● EXERCISE BRIEF: Transcribe all the data below exactly, leaving its pictures out.

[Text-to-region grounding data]
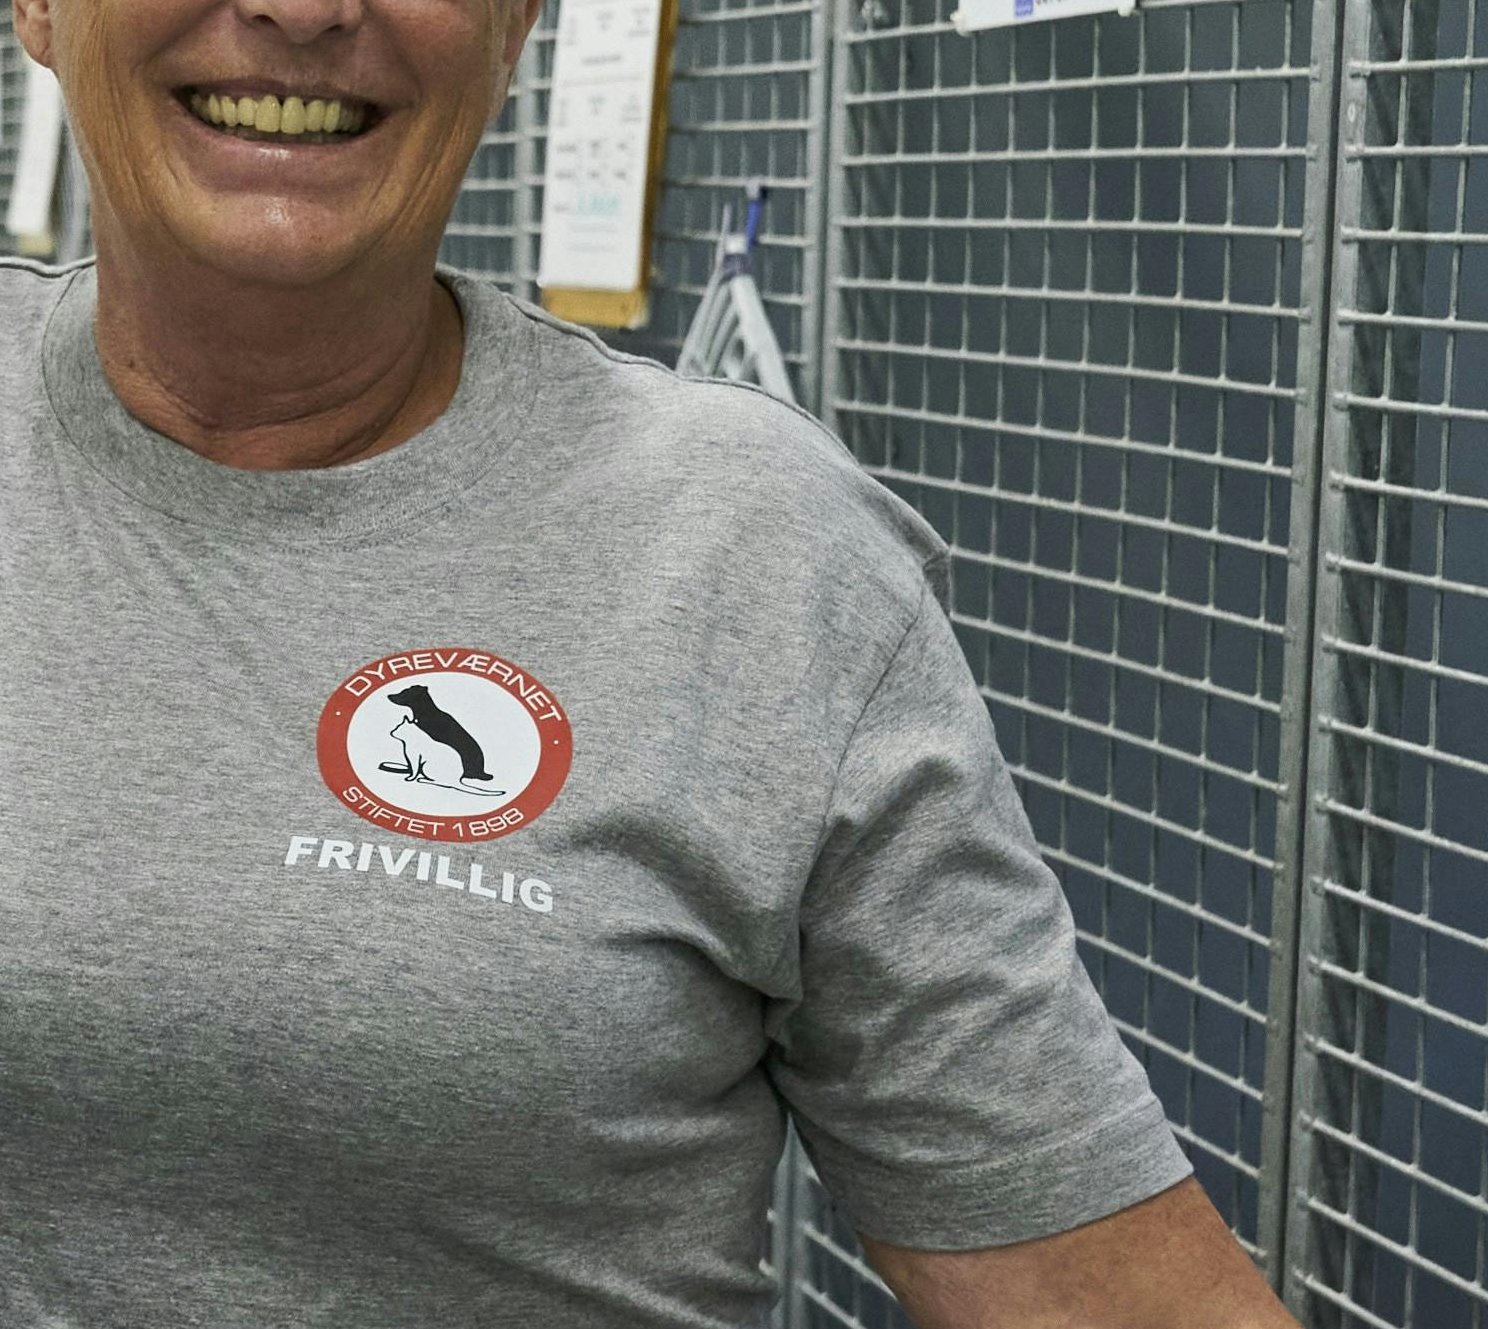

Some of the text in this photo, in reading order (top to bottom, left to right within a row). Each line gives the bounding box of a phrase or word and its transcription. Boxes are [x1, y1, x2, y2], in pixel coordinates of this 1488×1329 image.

[345, 651, 562, 724] DYREVÆRNET
[342, 785, 524, 838] STIFTET 1898
[284, 835, 555, 913] FRIVILLIG
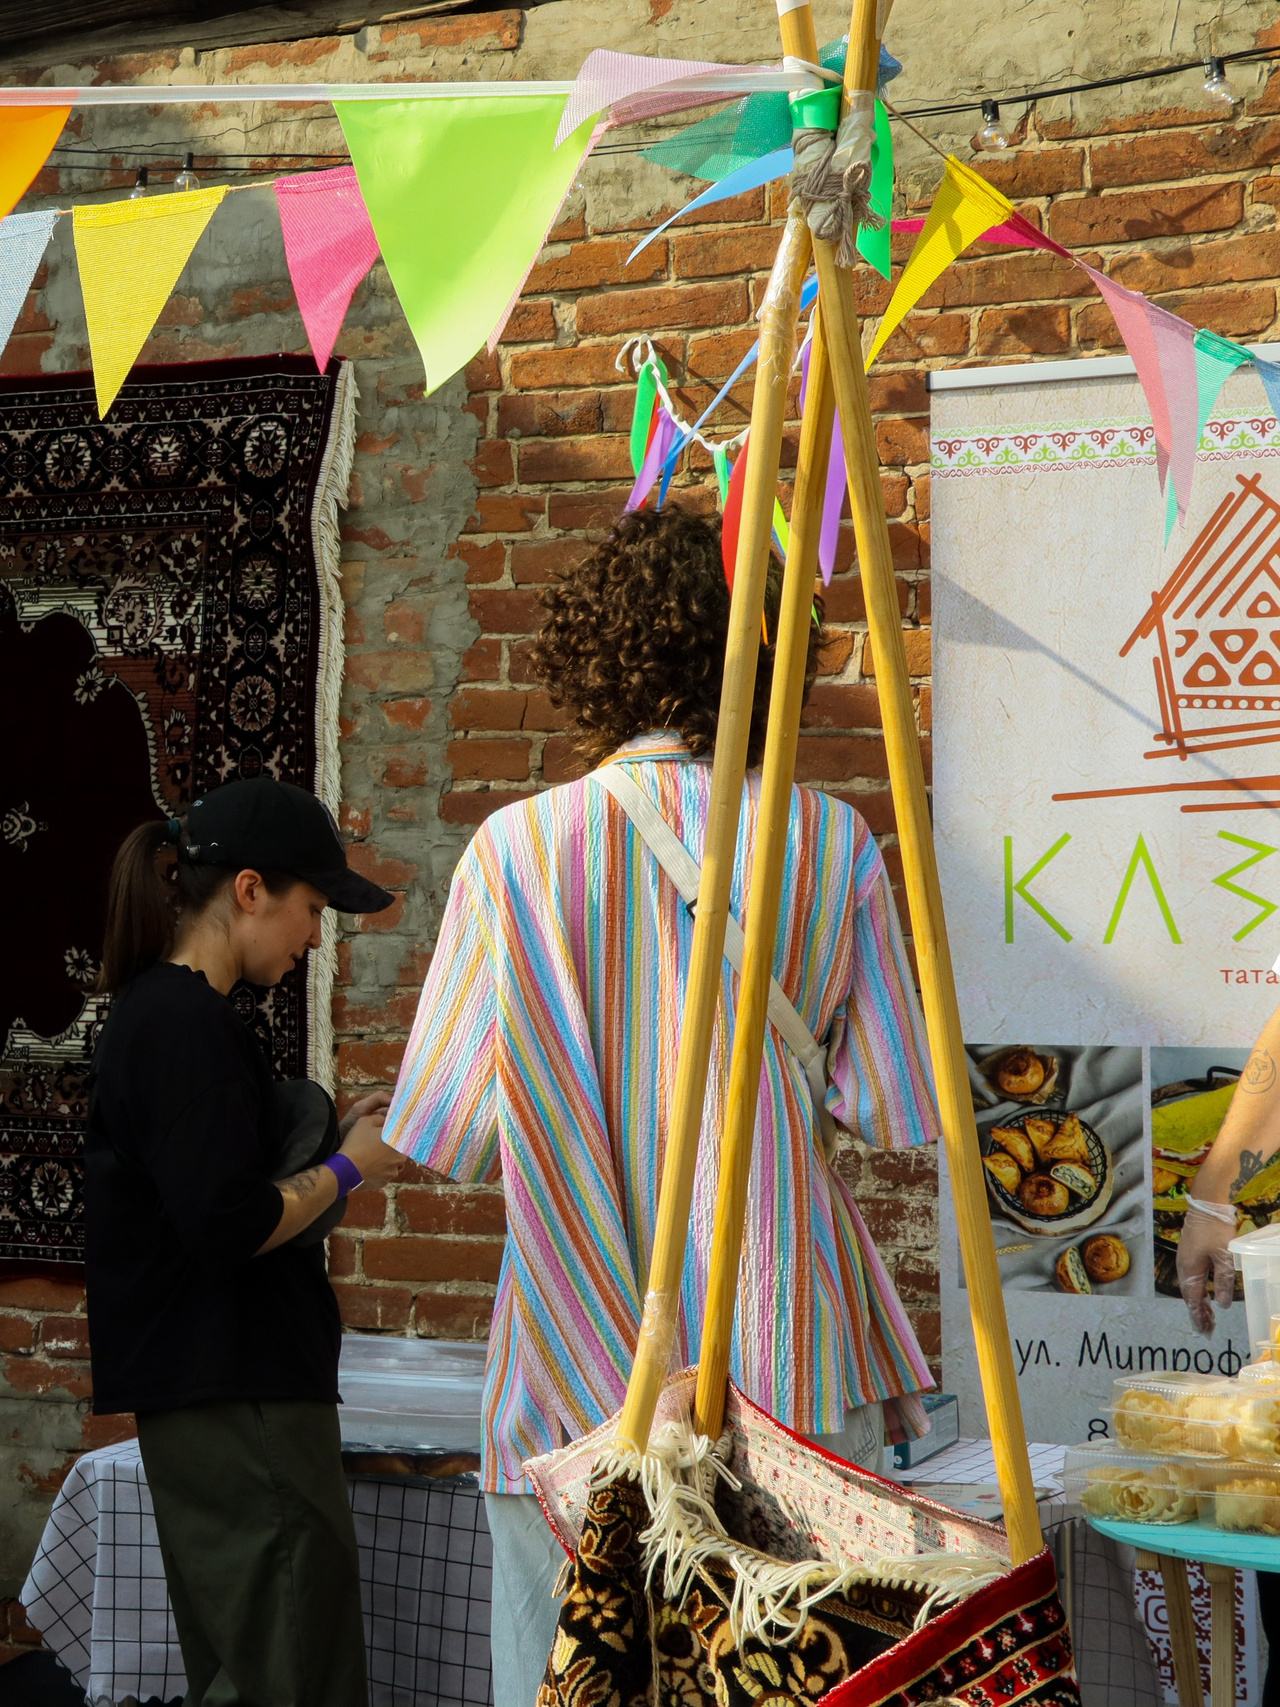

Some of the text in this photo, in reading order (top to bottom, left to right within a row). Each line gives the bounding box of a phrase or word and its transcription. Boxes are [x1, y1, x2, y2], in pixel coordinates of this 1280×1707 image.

[1219, 969, 1280, 984] тата
[1014, 1330, 1252, 1377] ул. Митроф
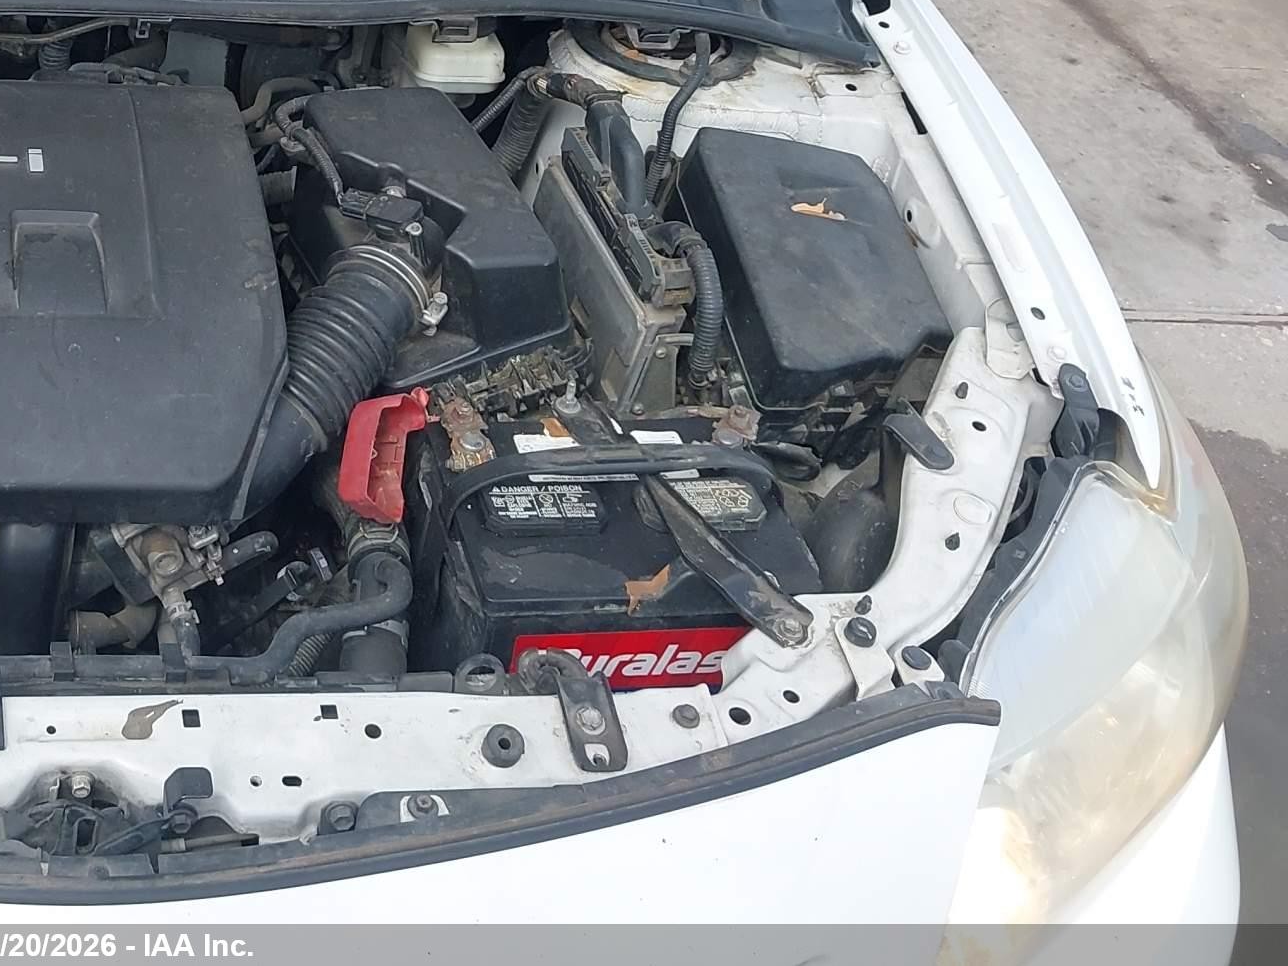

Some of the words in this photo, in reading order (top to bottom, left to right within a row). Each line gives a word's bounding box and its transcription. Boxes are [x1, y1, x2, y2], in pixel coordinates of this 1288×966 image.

[501, 485, 539, 493] DANGER
[547, 484, 583, 492] POISON
[538, 642, 729, 678] uralas
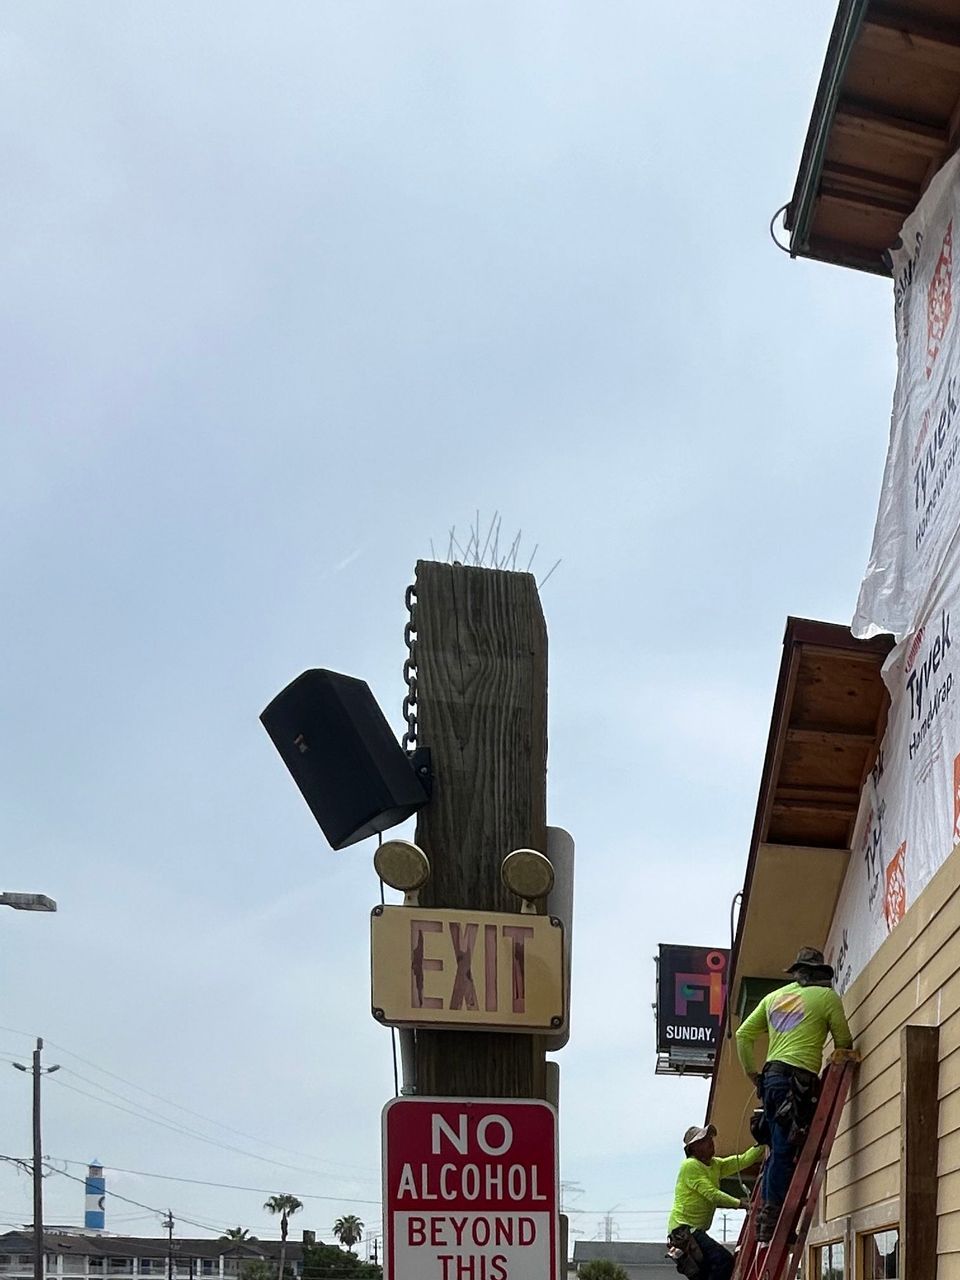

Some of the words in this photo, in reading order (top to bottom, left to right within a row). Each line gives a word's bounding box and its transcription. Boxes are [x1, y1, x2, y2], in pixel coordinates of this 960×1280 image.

[914, 376, 957, 511] Tyvek
[906, 609, 951, 721] Tyvek
[909, 673, 954, 760] HomeWrap
[410, 919, 535, 1014] EXIT
[666, 1024, 716, 1043] SUNDAY,
[431, 1113, 514, 1156] NO
[396, 1163, 548, 1201] ALCOHOL
[407, 1216, 537, 1247] BEYOND

● ANSWER SECTION:
Some of the text in this photo, in reading order (top to bottom, left to right within a row). Each line gives the bounding box of a phrase or word and its transcription. Boxes are [x1, y1, x2, y2], in pixel coordinates of this 1488×1329 image.

[345, 651, 562, 724] DYREVÆRNET
[342, 785, 524, 838] STIFTET 1898
[284, 835, 555, 913] FRIVILLIG

Some of the text in this photo, in reading order (top to bottom, left to right within a row). Each line gives the bounding box of a phrase or word and its transcription. Boxes are [x1, y1, x2, y2], in pixel coordinates of this 1280×1707 image.

[1219, 969, 1280, 984] тата
[1014, 1330, 1252, 1377] ул. Митроф

Some of the words in this photo, in reading order (top to bottom, left to right within a row). Each line gives a word's bounding box and its transcription. Boxes are [x1, y1, x2, y2], in pixel coordinates of this 1288×966 image.

[501, 485, 539, 493] DANGER
[547, 484, 583, 492] POISON
[538, 642, 729, 678] uralas

Some of the words in this photo, in reading order (top to bottom, left to right within a row). Each line gives a word's bounding box and its transcription. Boxes are [x1, y1, x2, y2], in pixel coordinates of this 960×1280 image.

[914, 376, 957, 511] Tyvek
[906, 609, 951, 721] Tyvek
[909, 673, 954, 760] HomeWrap
[410, 919, 535, 1014] EXIT
[666, 1024, 716, 1043] SUNDAY,
[431, 1113, 514, 1156] NO
[396, 1163, 548, 1201] ALCOHOL
[407, 1216, 537, 1247] BEYOND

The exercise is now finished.